Lent is like a massive Passover dinner. During the whole of Lent we relive holy history; we relive the events that led to the death and resurrection of Our Lord Jesus Christ. That reminder is to help impulse us to work with God’s Holy Spirit and allow him to bring change to our lives. Among many Evangelicals there was a strong movement back in the 1980’s to celebrate a Christian Seder. I can remember how excited people would become at the thought of getting to celebrate an actual Passover. Now, looking back at it, I can both sympathize with the excitement, but yet shake my head at it. We have a Passover we can, and do, celebrate. It is called the Lord’s Supper, the Eucharist. Looking back, I suspect that this was a time when people were sensing that something was missing in their celebration of the new Passover, the Eucharist. Among Evangelicals, of course, the new Passover was little more than a quick few words with a fast partaking. Among some of the liturgical Christians who became involved with the Seder, I suspect that the over-simplified liturgies that came out of the 1960’s were part of the issue. Certainly there was a desire to experience something more mystical than what one typically experienced at worship. That was both laudable and yet a sad commentary on the state of worship.

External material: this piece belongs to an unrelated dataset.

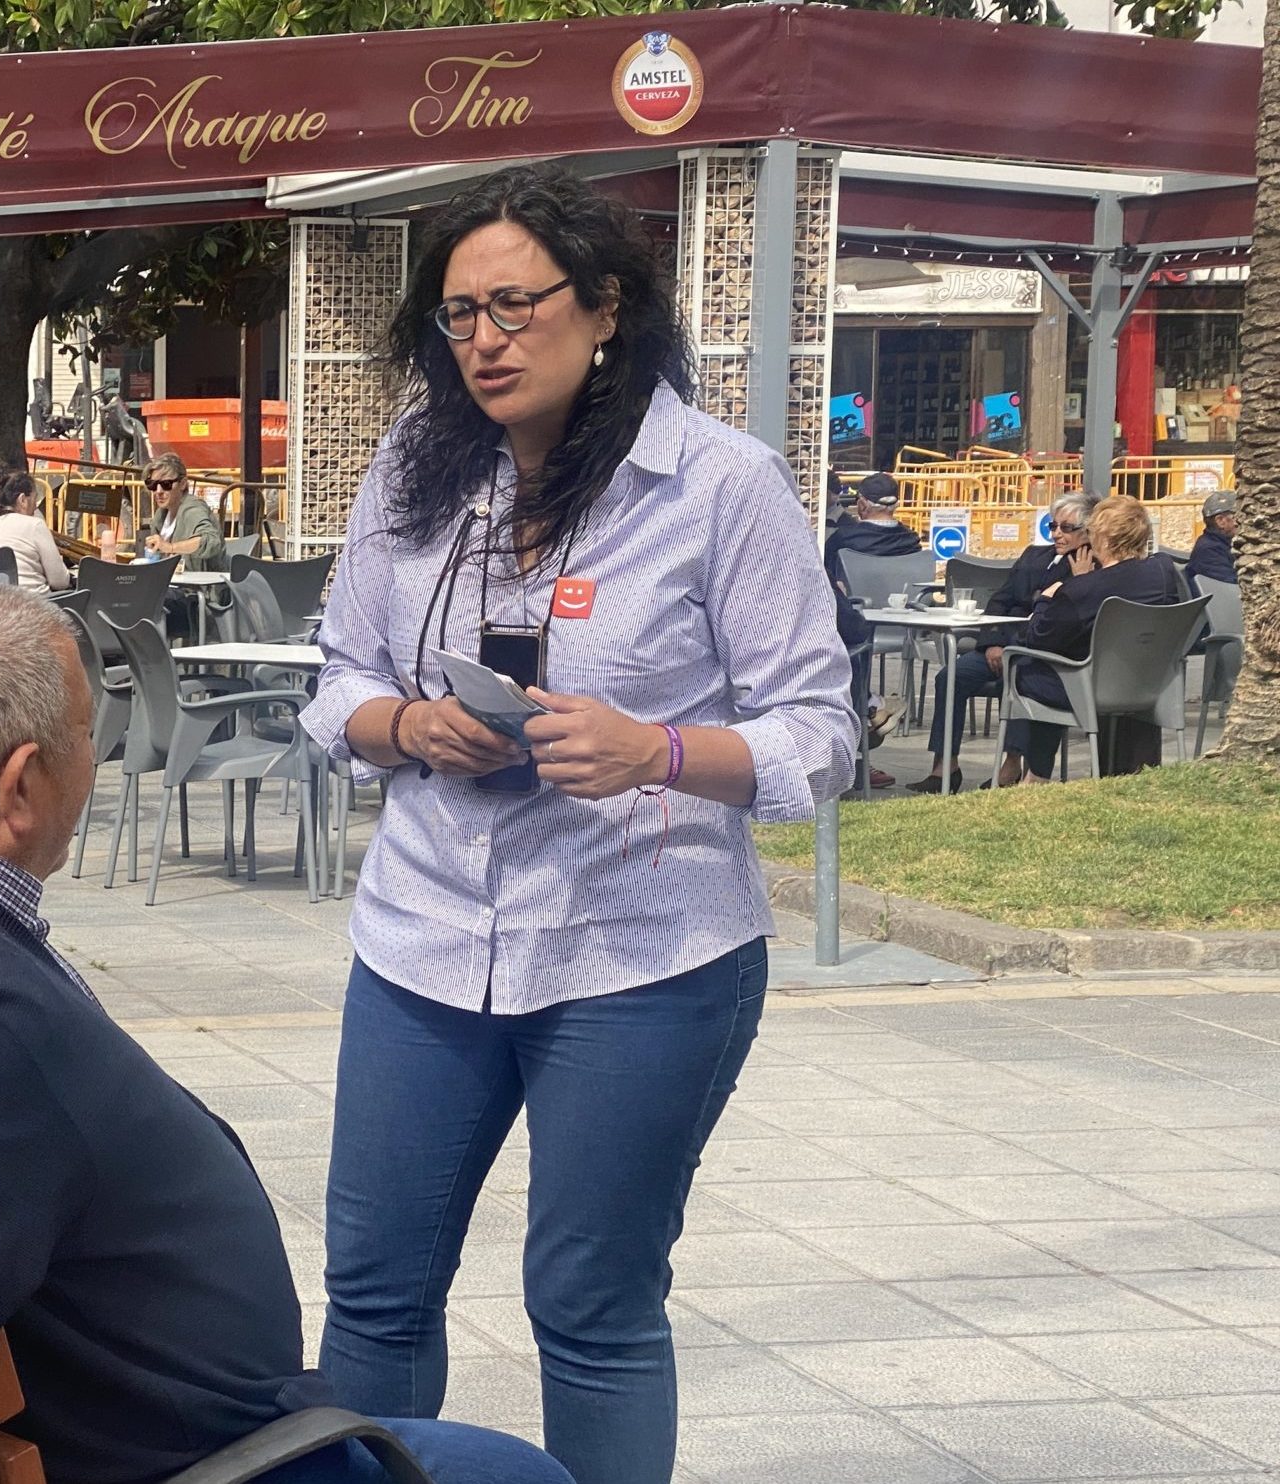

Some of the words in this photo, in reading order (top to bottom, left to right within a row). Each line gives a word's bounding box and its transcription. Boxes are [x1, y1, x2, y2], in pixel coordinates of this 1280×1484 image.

The Exodus is a shadow of our salvation. The Eucharist is the presence of the future Kingdom of God, of the banquet in which we are fed by God himself. But, it is necessary for every person to see themselves as needing that salvation, that Exodus, that heavenly meal. Evangelicals are right. God has no grandchildren. “… every person must see him or herself as having left Egypt.” You do not simply inherit Orthodoxy. You do inherit its liturgies, its rites, its celebrations. But, you do not inherit Orthodoxy itself. You, yourself, must see yourself as needing to accept that salvation. For most Orthodox today, your parents have brought you into Orthodoxy. But, you must take over the responsibility. Lent is about owning up to our sin, our faults, our responsibilities. Lent is about remembering that we lived (or even are living) in Egypt and that we were led out of Egypt by Our Lord’s death and resurrection. You must see yourself as having left Egypt.